Two years later, the ground shifted. She auditioned for Push, the adaptation of Sapphire’s bruised, blistering novel. Lee Daniels turned it into Precious, a film that cut open the American heart with a kitchen knife. Stephanie was cast as Rita Romero, a former heroin addict clawing her way toward a future nobody ever saved for her. It wasn’t glamorous. It wasn’t pretty. But it was real, and real was what she knew best.
She didn’t play Rita like a stereotype. She played her like a woman whose ribs remember every bad night and whose eyes still spark at the possibility of better ones. And the world noticed.
Then came Pariah (2011), See Girl Run, Babygirl, the kind of independent films where stories don’t get polished—they get exposed.
But the performance that made viewers stop mid-breath came in Orange Is the New Black, Season 2. She played Young Miss Rosa—the younger, fiercer version of the bank-robbing, terminally ill inmate. Stephanie didn’t imitate Barbara Rosenblat; she honored her. She brought the teenage Rosa to life with a swagger that wasn’t put on—it was lived.
Critics called her mesmerizing. Fans wanted a prequel about her.
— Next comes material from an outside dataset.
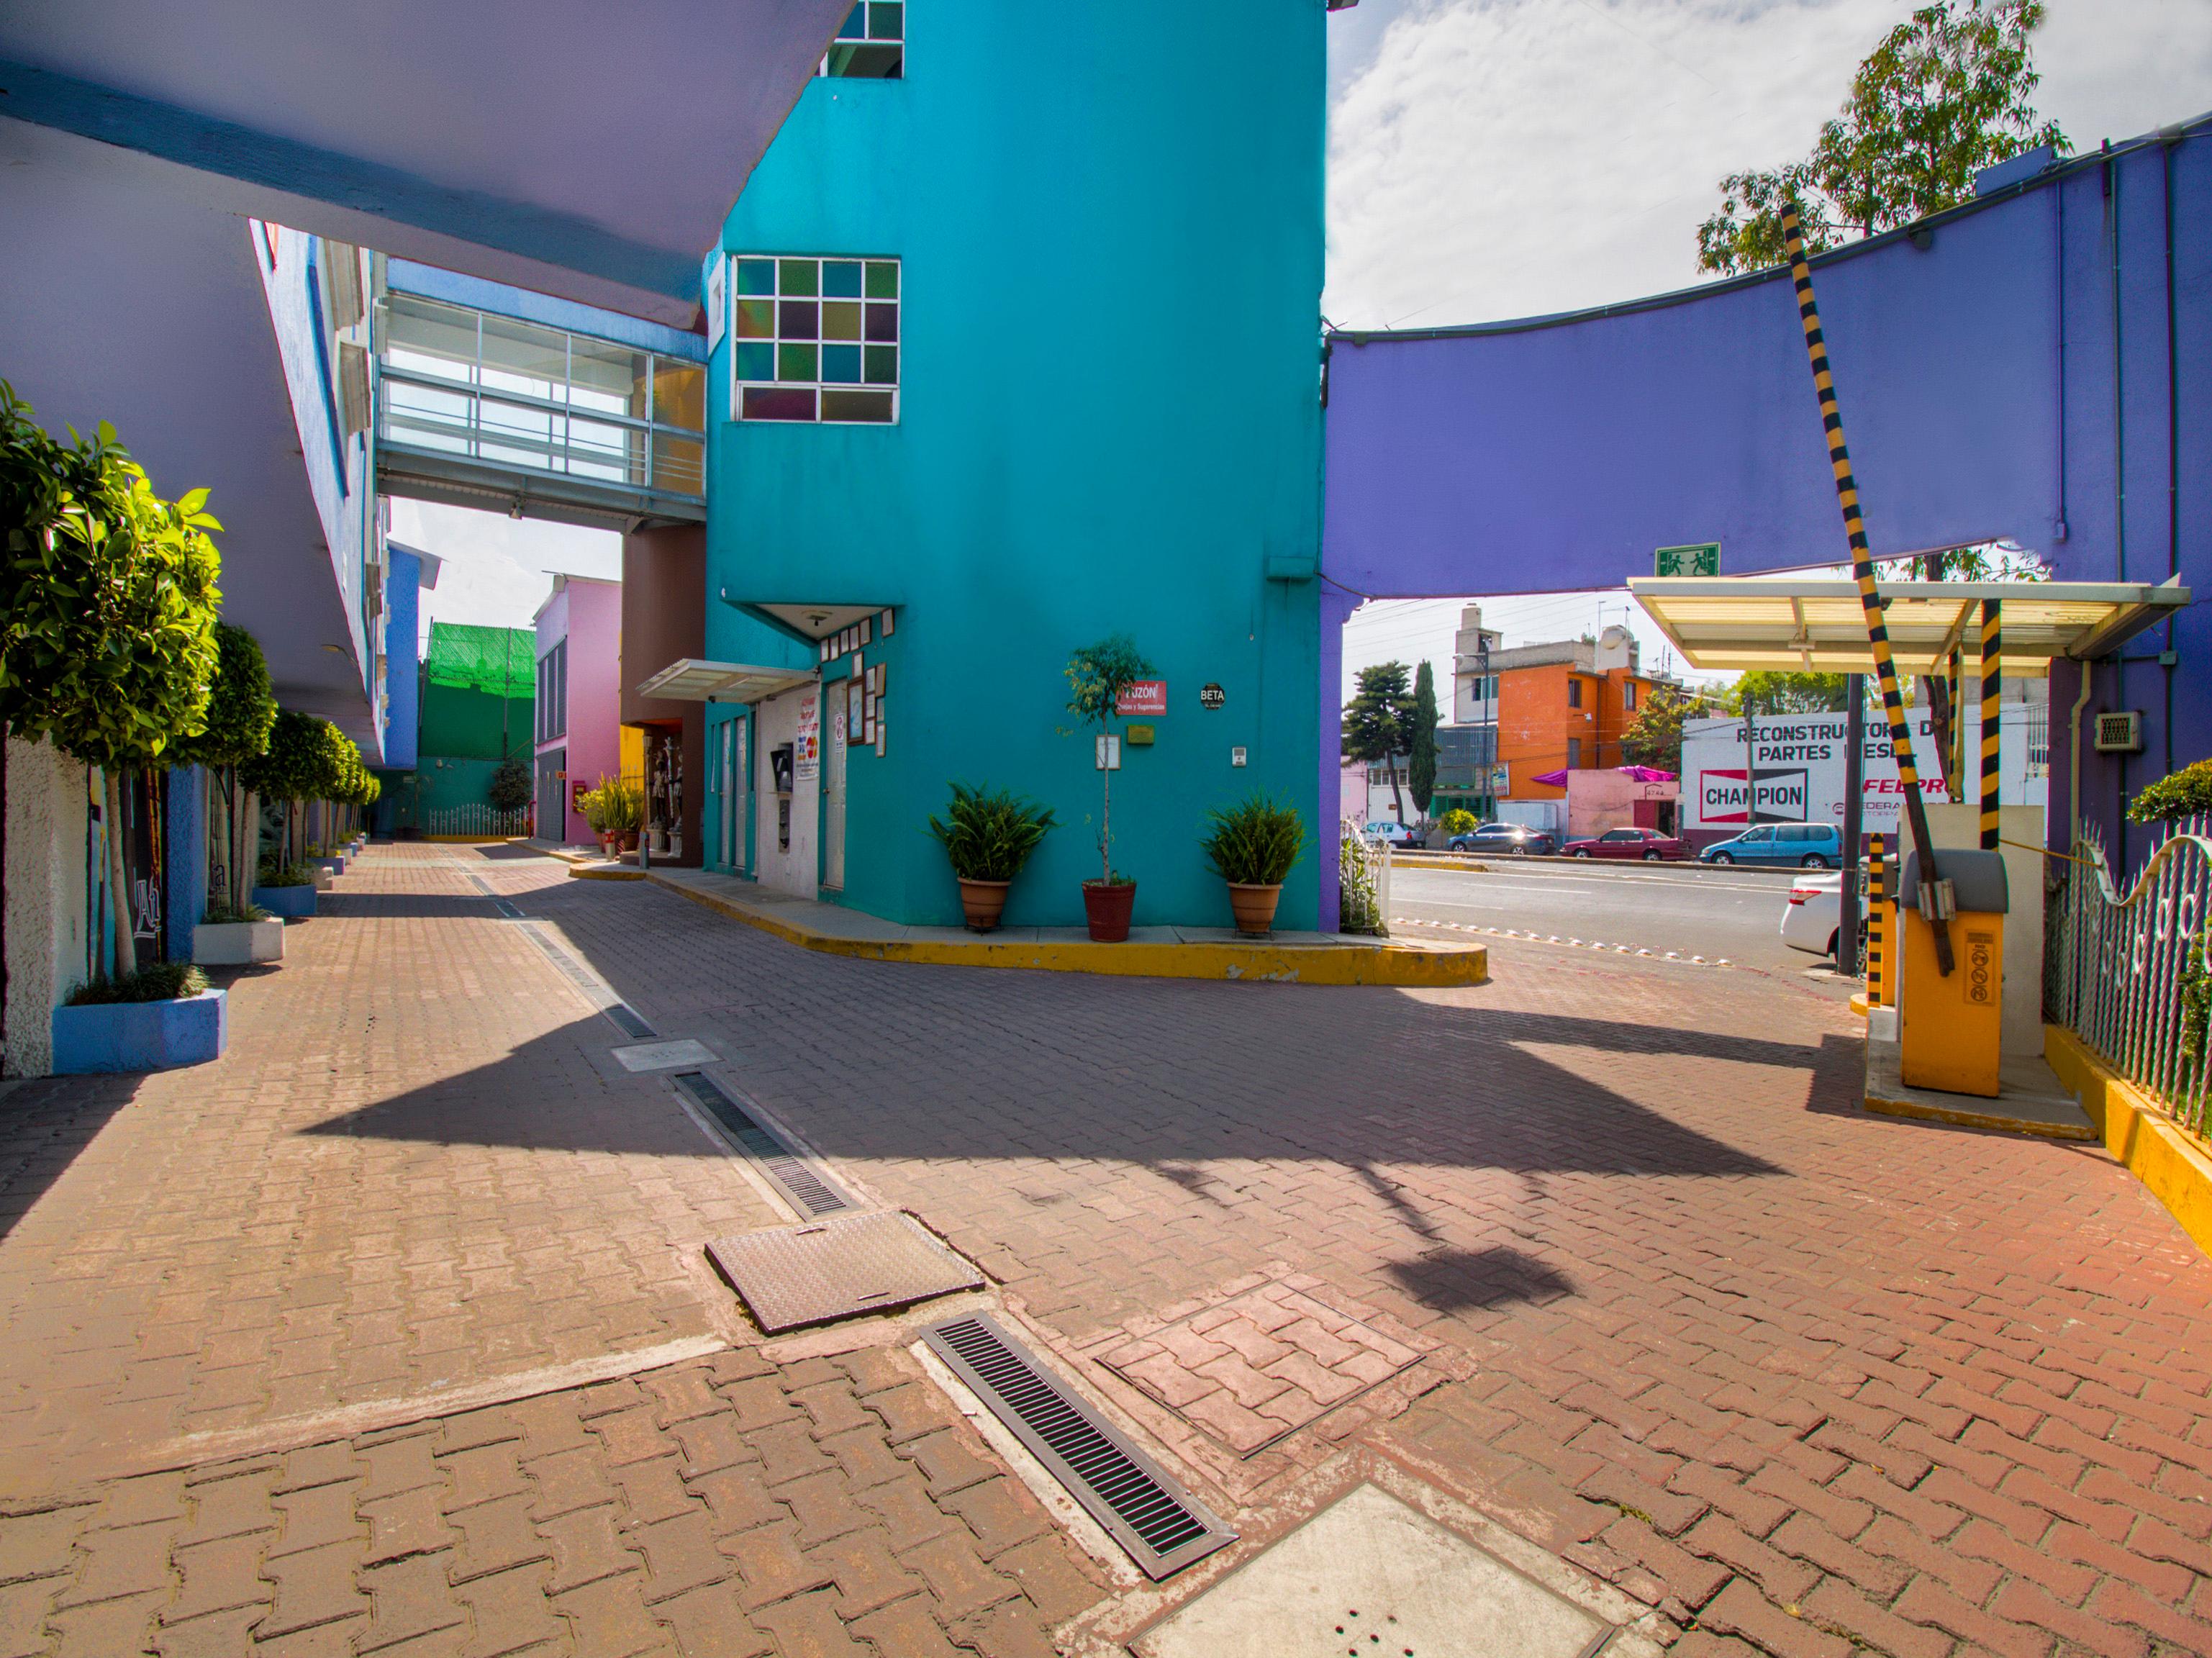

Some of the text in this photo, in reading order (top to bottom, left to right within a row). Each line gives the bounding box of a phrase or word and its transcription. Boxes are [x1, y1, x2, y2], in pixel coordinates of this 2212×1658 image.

And they weren’t wrong. She stole scenes the way Miss Rosa stole cars—confidently, effortlessly, like the world was hers for the taking.
Movies kept coming—A Walk Among the Tombstones in 2014 and the quietly devastating Marjorie Prime in 2017. Through every role, Stephanie played women you swear you’ve met somewhere: the girl on the subway with headphones too loud, the cashier who gives you a look that says she’s figured you out, the friend who laughs bigger than her fear.
Most actors wait for the industry to give them permission. Stephanie cut out the middleman.
In 2016, she built Andujar Productions with her family. Not a vanity brand—a launching pad. She wrote, produced, and starred in StephA: One Woman Show, a comedy series where she played more than ten characters, all springing from the DNA of her life in New York. Five seasons of it. Think Eddie Murphy’s wild inventiveness, but filtered through Latina grit, millennial humor, and the rhythm of Chelsea streets.
She wasn’t waiting on casting directors anymore. She became her own studio, her own boss, her own machine.
People forget that before the films and TV series, she was also a stage kid—The Wiz, The Crucible, The Good Woman of Setzuan. Theatre taught her fearlessness. Film taught her precision. New York taught her survival. She blended all three into a career made of versatility, resilience, and a refusal to play small.
Stephanie Lee Andujar isn’t the type of actress who wants billboards. She wants honesty. She wants characters who bleed. She wants to build worlds the way she built herself—from scraps, applause, struggle, and stubborn, relentless talent.
She’s the girl from the projects who learned how to shape-shift into a dozen other lives.
The artist who can make you laugh and break your heart in the same breath.
The creator who turned her own life into a production company.
The actress who refuses to vanish into Hollywood noise.
Stephanie Lee Andujar didn’t just find a place in the industry.
She carved one—with her own hands, her own voice, and a fire that never learned how to dim.